# What to produce
The records that follow are to be reproduced exactly. Any pictures in them are left out.

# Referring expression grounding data
Start of Block

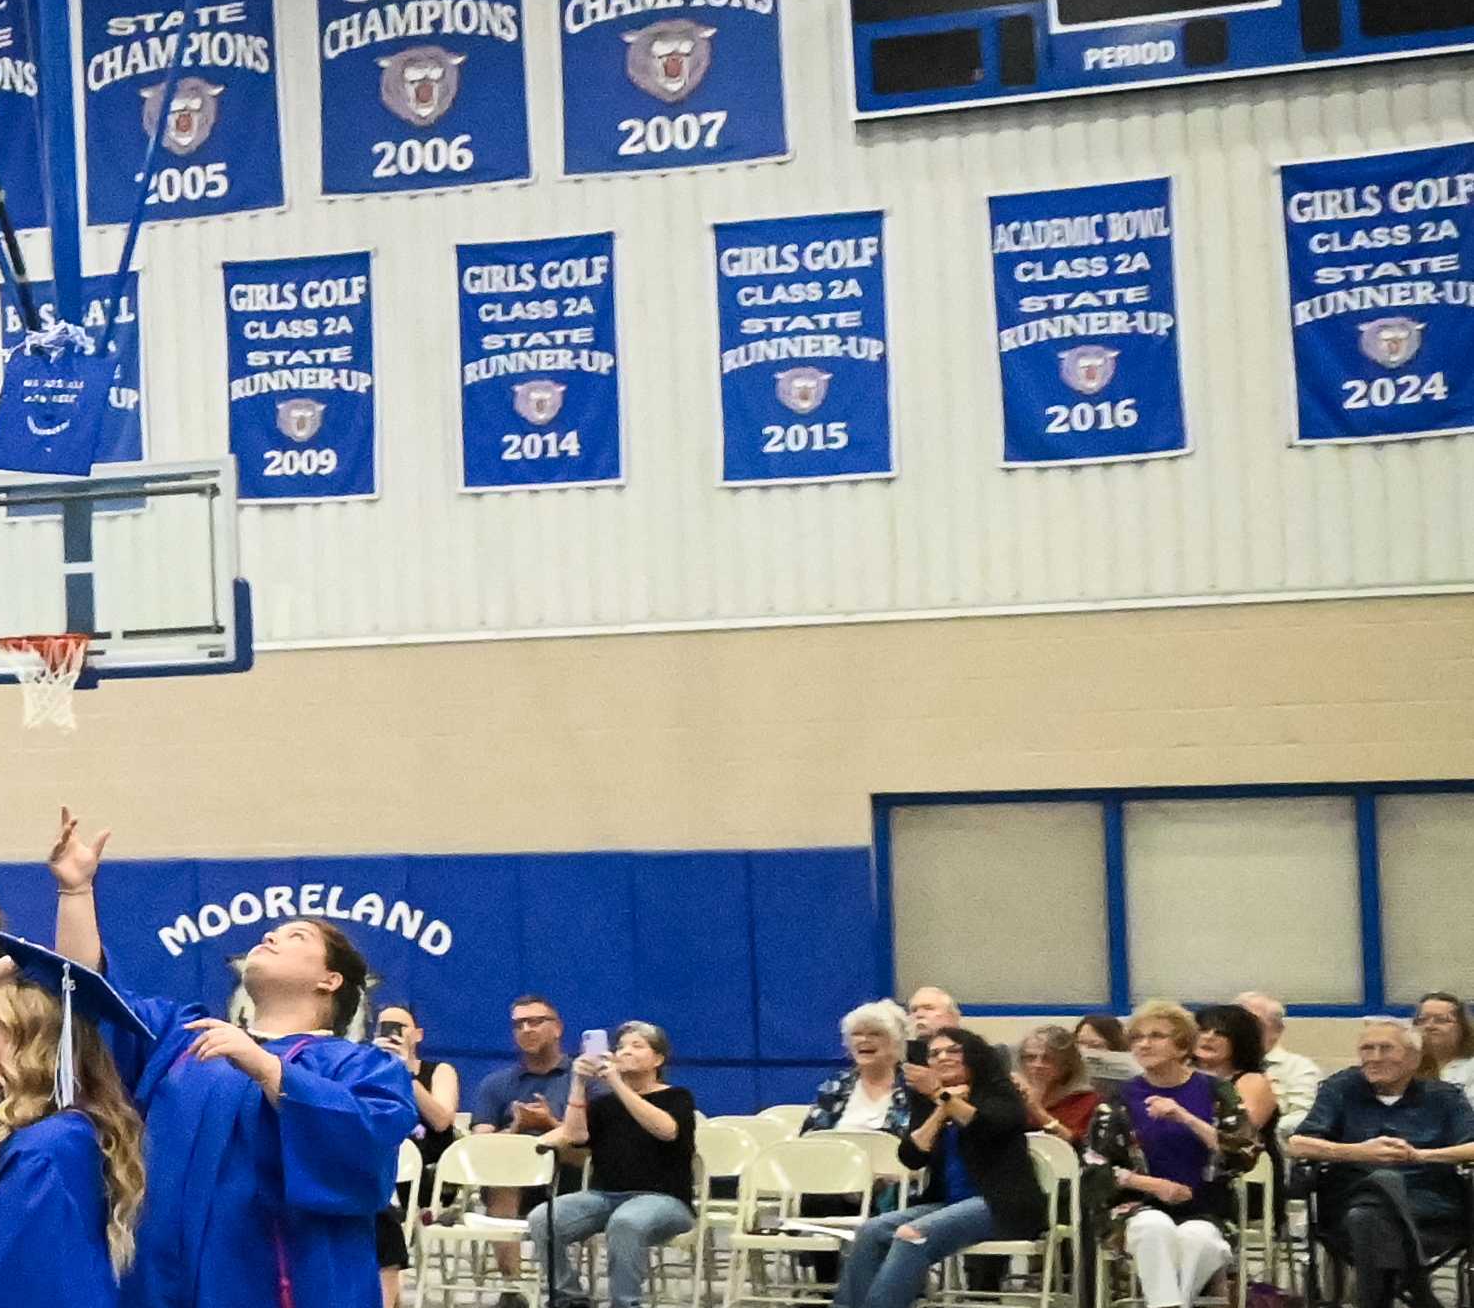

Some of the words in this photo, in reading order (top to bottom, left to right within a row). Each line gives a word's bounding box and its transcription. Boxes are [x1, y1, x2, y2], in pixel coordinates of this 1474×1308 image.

[1083, 39, 1175, 71] PERIOD
[617, 111, 728, 156] 2007
[371, 134, 474, 177] 2006
[1288, 185, 1382, 224] GIRLS
[1388, 173, 1474, 214] GOLF
[993, 215, 1104, 254] ACADEMIC
[1107, 206, 1171, 242] BOWL
[1308, 224, 1412, 254] CLASS
[1418, 219, 1459, 243] 2A
[463, 263, 535, 293] GIRLS
[540, 256, 609, 288] GOLF
[720, 244, 799, 278] GIRLS
[802, 237, 879, 272] GOLF
[1013, 256, 1108, 282] CLASS
[1113, 252, 1151, 274] 2A
[1314, 253, 1460, 284] STATE
[229, 283, 297, 312] GIRLS
[301, 276, 368, 308] GOLF
[478, 299, 558, 322] CLASS
[563, 296, 594, 317] 2A
[737, 282, 823, 307] CLASS
[827, 278, 863, 299] 2A
[1018, 286, 1152, 313] STATE
[243, 318, 319, 340] CLASS
[323, 316, 353, 335] 2A
[481, 328, 594, 349] STATE
[739, 311, 862, 334] STATE
[1000, 311, 1174, 352] RUNNER-UP
[246, 346, 353, 366] STATE
[464, 348, 615, 386] RUNNER-UP
[723, 335, 884, 374] RUNNER-UP
[231, 367, 373, 402] RUNNER-UP
[1342, 371, 1448, 410] 2024
[1045, 398, 1139, 434] 2016
[501, 431, 581, 460] 2014
[761, 422, 849, 452] 2015
[263, 449, 338, 477] 2009
[157, 883, 454, 958] MOORELAND

End of Block

# Answer for this exercise
Some of the words in this photo, in reading order (top to bottom, left to right within a row). Each line gives a word's bounding box and its transcription. Boxes are [x1, y1, x2, y2], in pixel coordinates of this 1474×1308 image.

[1083, 39, 1175, 71] PERIOD
[617, 111, 728, 156] 2007
[371, 134, 474, 177] 2006
[1288, 185, 1382, 224] GIRLS
[1388, 173, 1474, 214] GOLF
[993, 215, 1104, 254] ACADEMIC
[1107, 206, 1171, 242] BOWL
[1308, 224, 1412, 254] CLASS
[1418, 219, 1459, 243] 2A
[463, 263, 535, 293] GIRLS
[540, 256, 609, 288] GOLF
[720, 244, 799, 278] GIRLS
[802, 237, 879, 272] GOLF
[1013, 256, 1108, 282] CLASS
[1113, 252, 1151, 274] 2A
[1314, 253, 1460, 284] STATE
[229, 283, 297, 312] GIRLS
[301, 276, 368, 308] GOLF
[478, 299, 558, 322] CLASS
[563, 296, 594, 317] 2A
[737, 282, 823, 307] CLASS
[827, 278, 863, 299] 2A
[1018, 286, 1152, 313] STATE
[243, 318, 319, 340] CLASS
[323, 316, 353, 335] 2A
[481, 328, 594, 349] STATE
[739, 311, 862, 334] STATE
[1000, 311, 1174, 352] RUNNER-UP
[246, 346, 353, 366] STATE
[464, 348, 615, 386] RUNNER-UP
[723, 335, 884, 374] RUNNER-UP
[231, 367, 373, 402] RUNNER-UP
[1342, 371, 1448, 410] 2024
[1045, 398, 1139, 434] 2016
[501, 431, 581, 460] 2014
[761, 422, 849, 452] 2015
[263, 449, 338, 477] 2009
[157, 883, 454, 958] MOORELAND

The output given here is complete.